Stored data
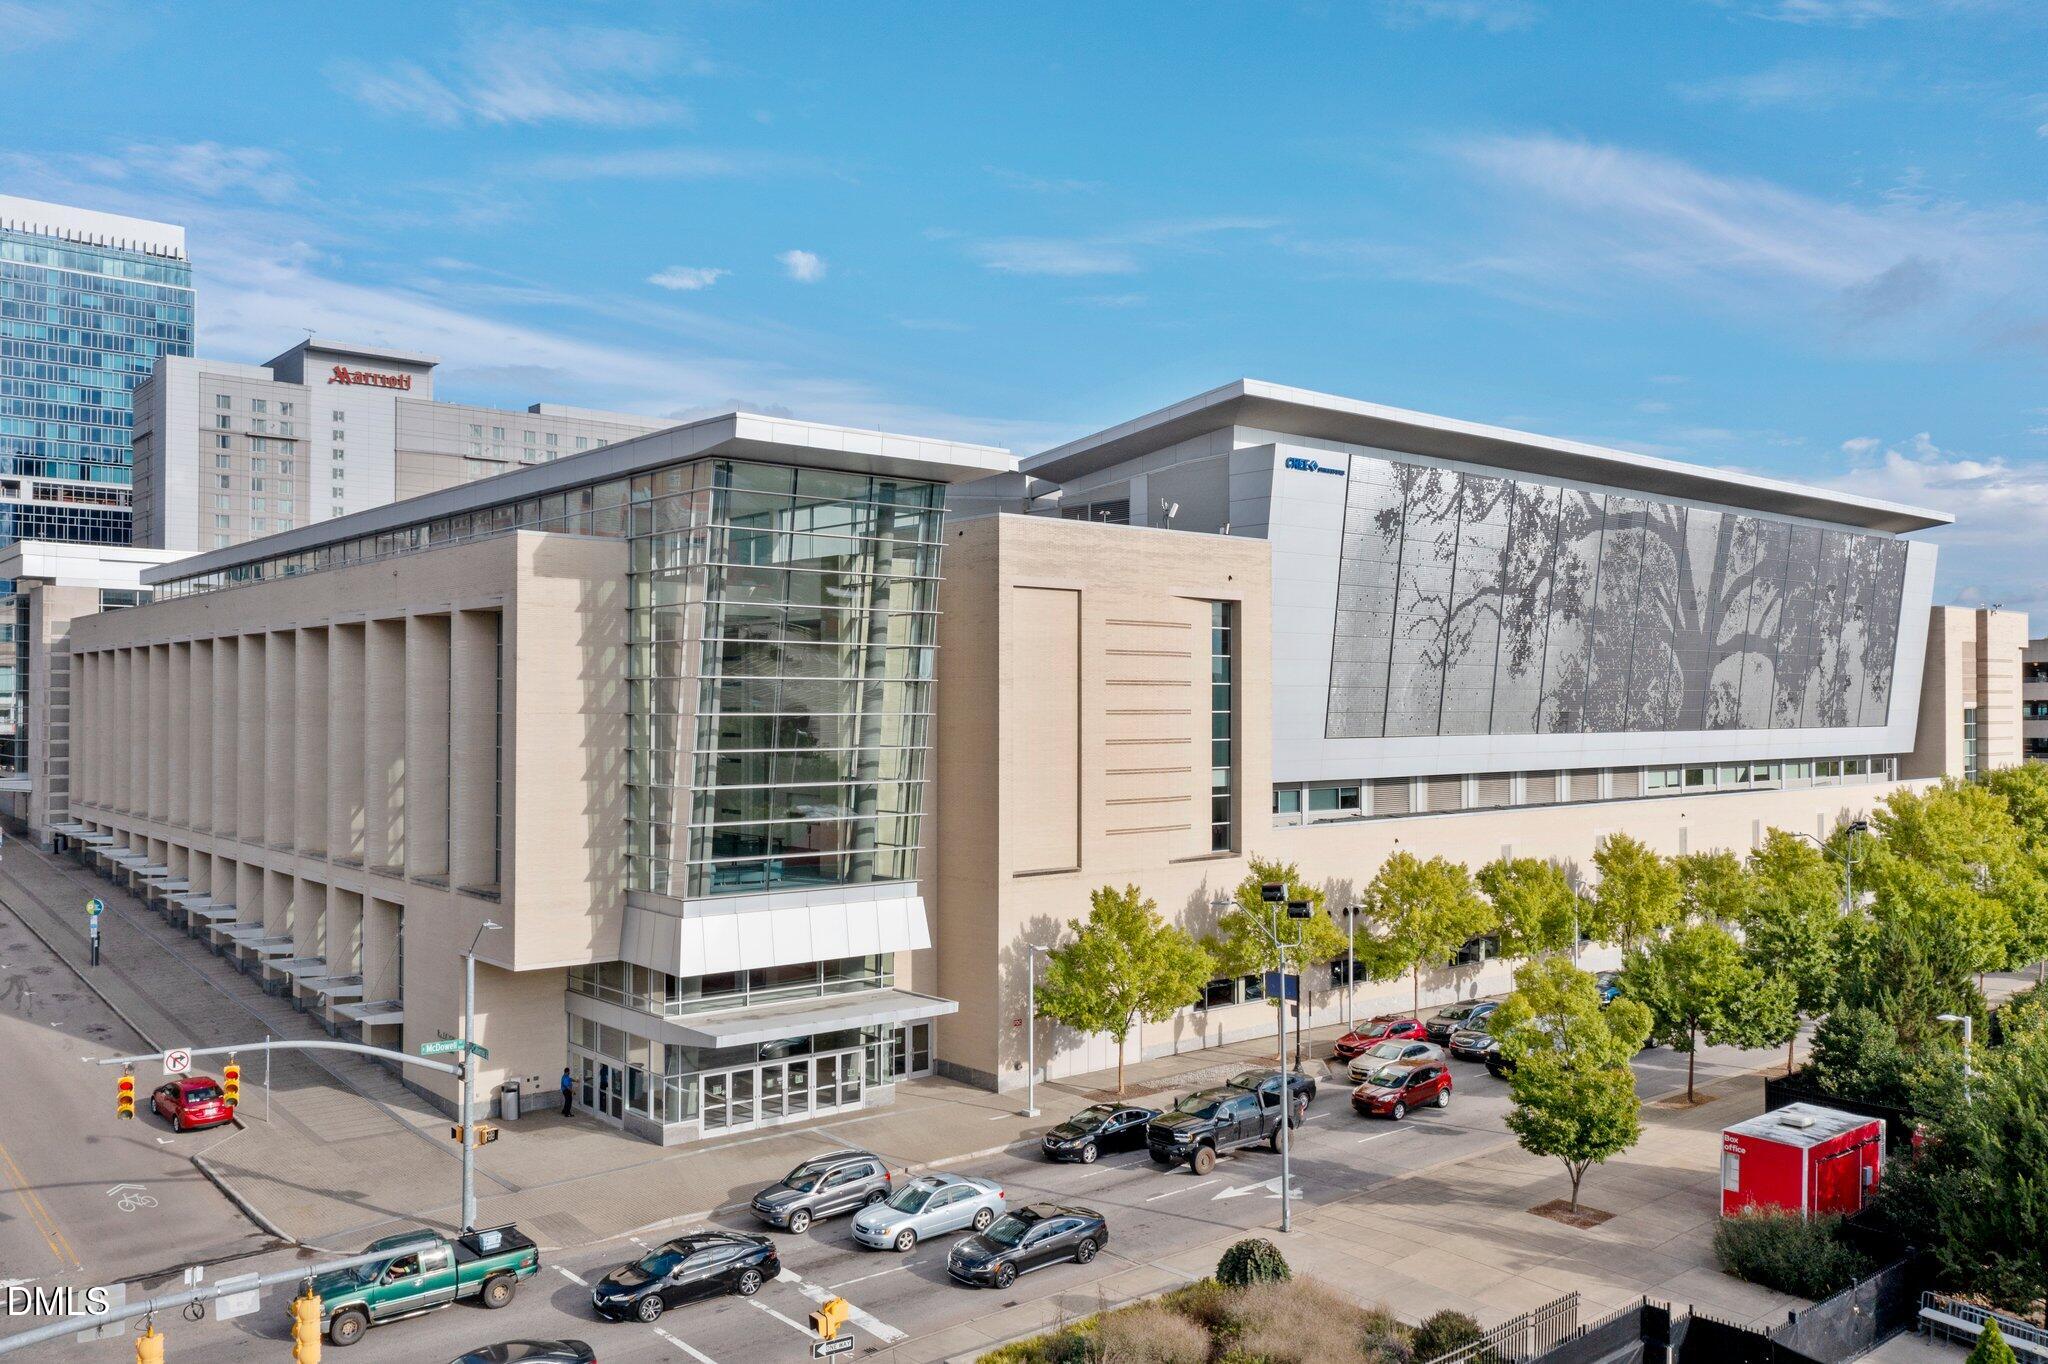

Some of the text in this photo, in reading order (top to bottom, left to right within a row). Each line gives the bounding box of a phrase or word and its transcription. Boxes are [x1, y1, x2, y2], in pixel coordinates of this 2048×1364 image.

[328, 366, 412, 390] Marriott
[426, 1042, 458, 1053] McDowell
[1724, 1135, 1739, 1144] Box
[1724, 1144, 1746, 1154] office
[838, 1340, 851, 1348] WAY

• Aim of the exercise
Return all the data exactly, pictures omitted.

• Answer space
Some of the text in this photo, in reading order (top to bottom, left to right within a row). Each line gives the bounding box of a phrase or word and its transcription. Boxes are [x1, y1, x2, y2], in pixel coordinates of this 2048×1364 image.

[328, 366, 412, 390] Marriott
[426, 1042, 458, 1053] McDowell
[1724, 1135, 1739, 1144] Box
[1724, 1144, 1746, 1154] office
[838, 1340, 851, 1348] WAY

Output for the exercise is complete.